:: ABOUT THIS TASK ::
Print each record exactly as it appears, but drop the images.

[Data entries]
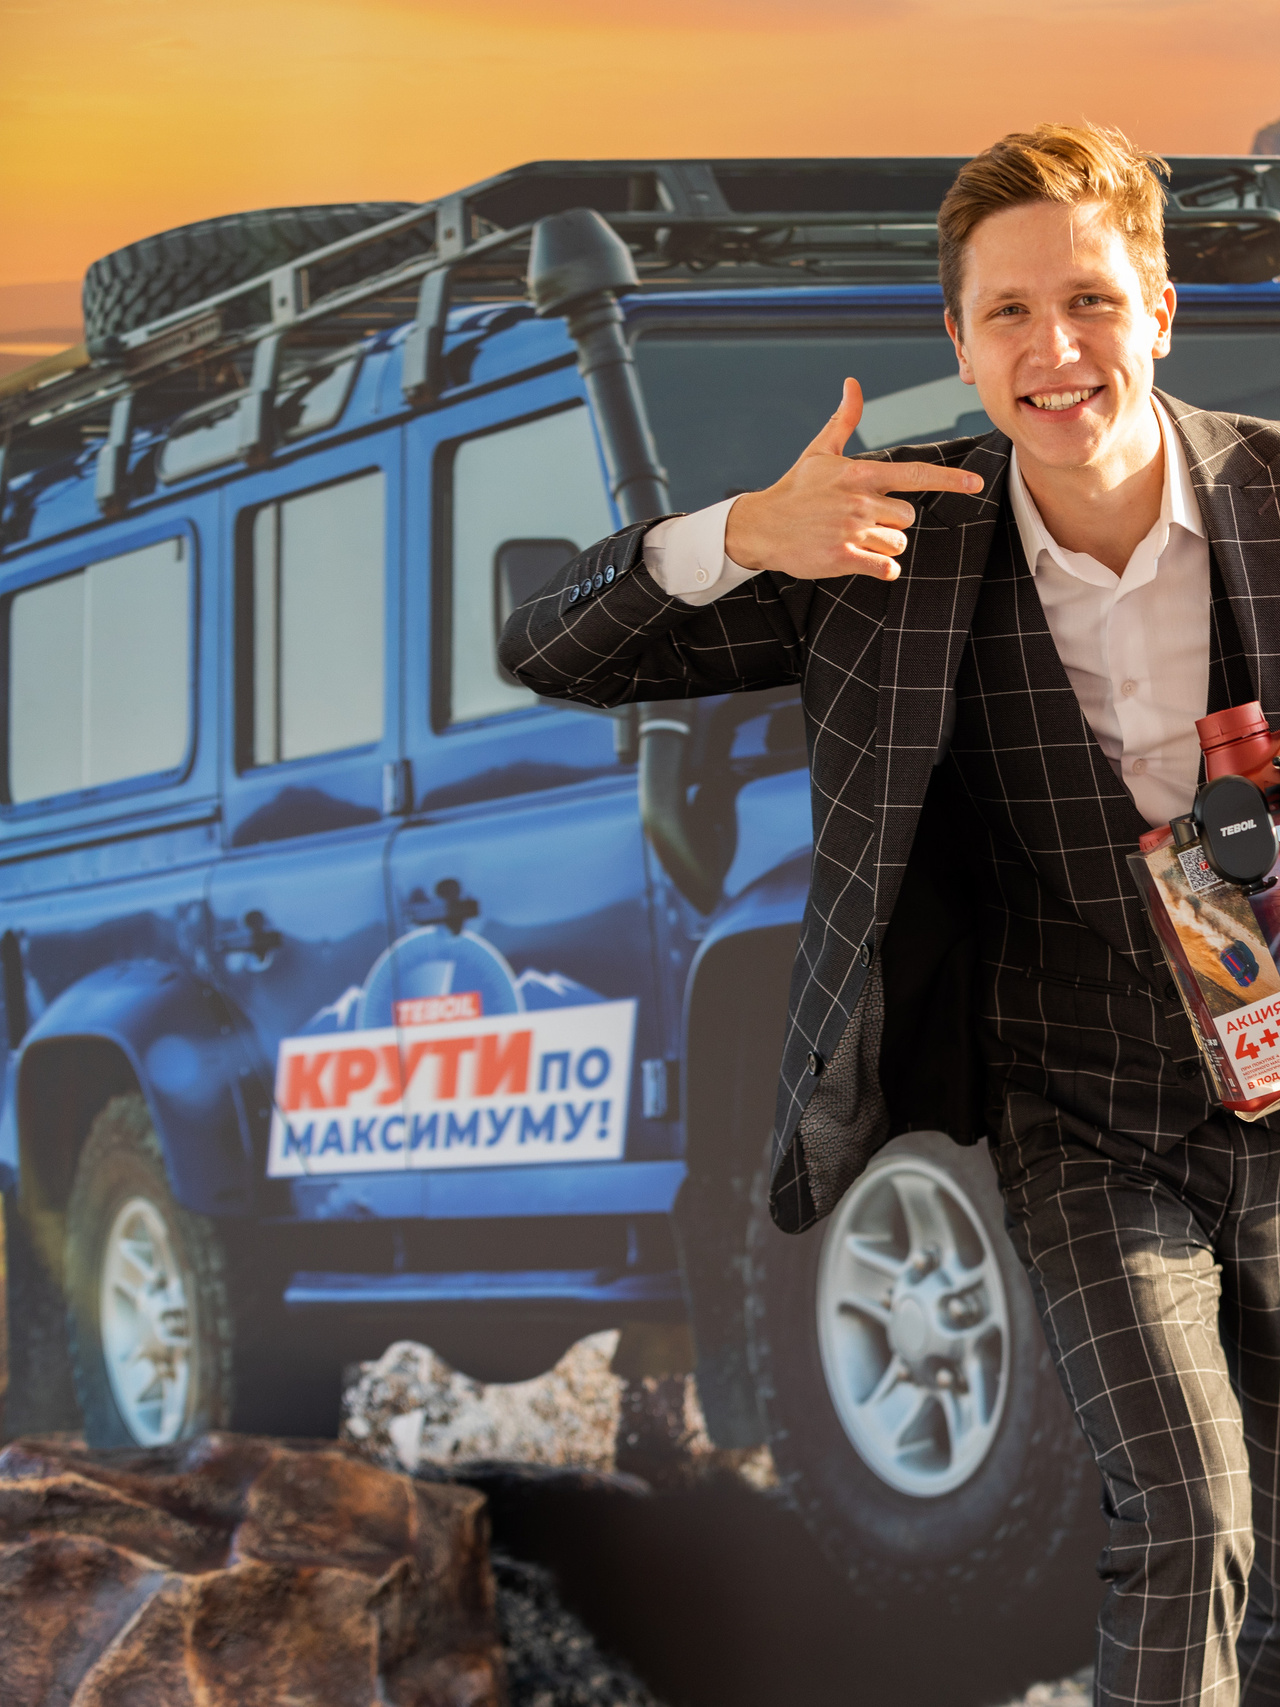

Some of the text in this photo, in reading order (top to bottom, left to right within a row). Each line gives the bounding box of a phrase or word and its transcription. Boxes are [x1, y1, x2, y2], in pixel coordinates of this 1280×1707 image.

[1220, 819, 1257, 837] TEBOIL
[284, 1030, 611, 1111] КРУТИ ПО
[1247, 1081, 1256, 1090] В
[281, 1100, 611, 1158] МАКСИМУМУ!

:: EXPECTED ANSWER ::
Some of the text in this photo, in reading order (top to bottom, left to right within a row). Each line gives the bounding box of a phrase or word and its transcription. Boxes are [x1, y1, x2, y2], in pixel coordinates of this 1280×1707 image.

[1220, 819, 1257, 837] TEBOIL
[284, 1030, 611, 1111] КРУТИ ПО
[1247, 1081, 1256, 1090] В
[281, 1100, 611, 1158] МАКСИМУМУ!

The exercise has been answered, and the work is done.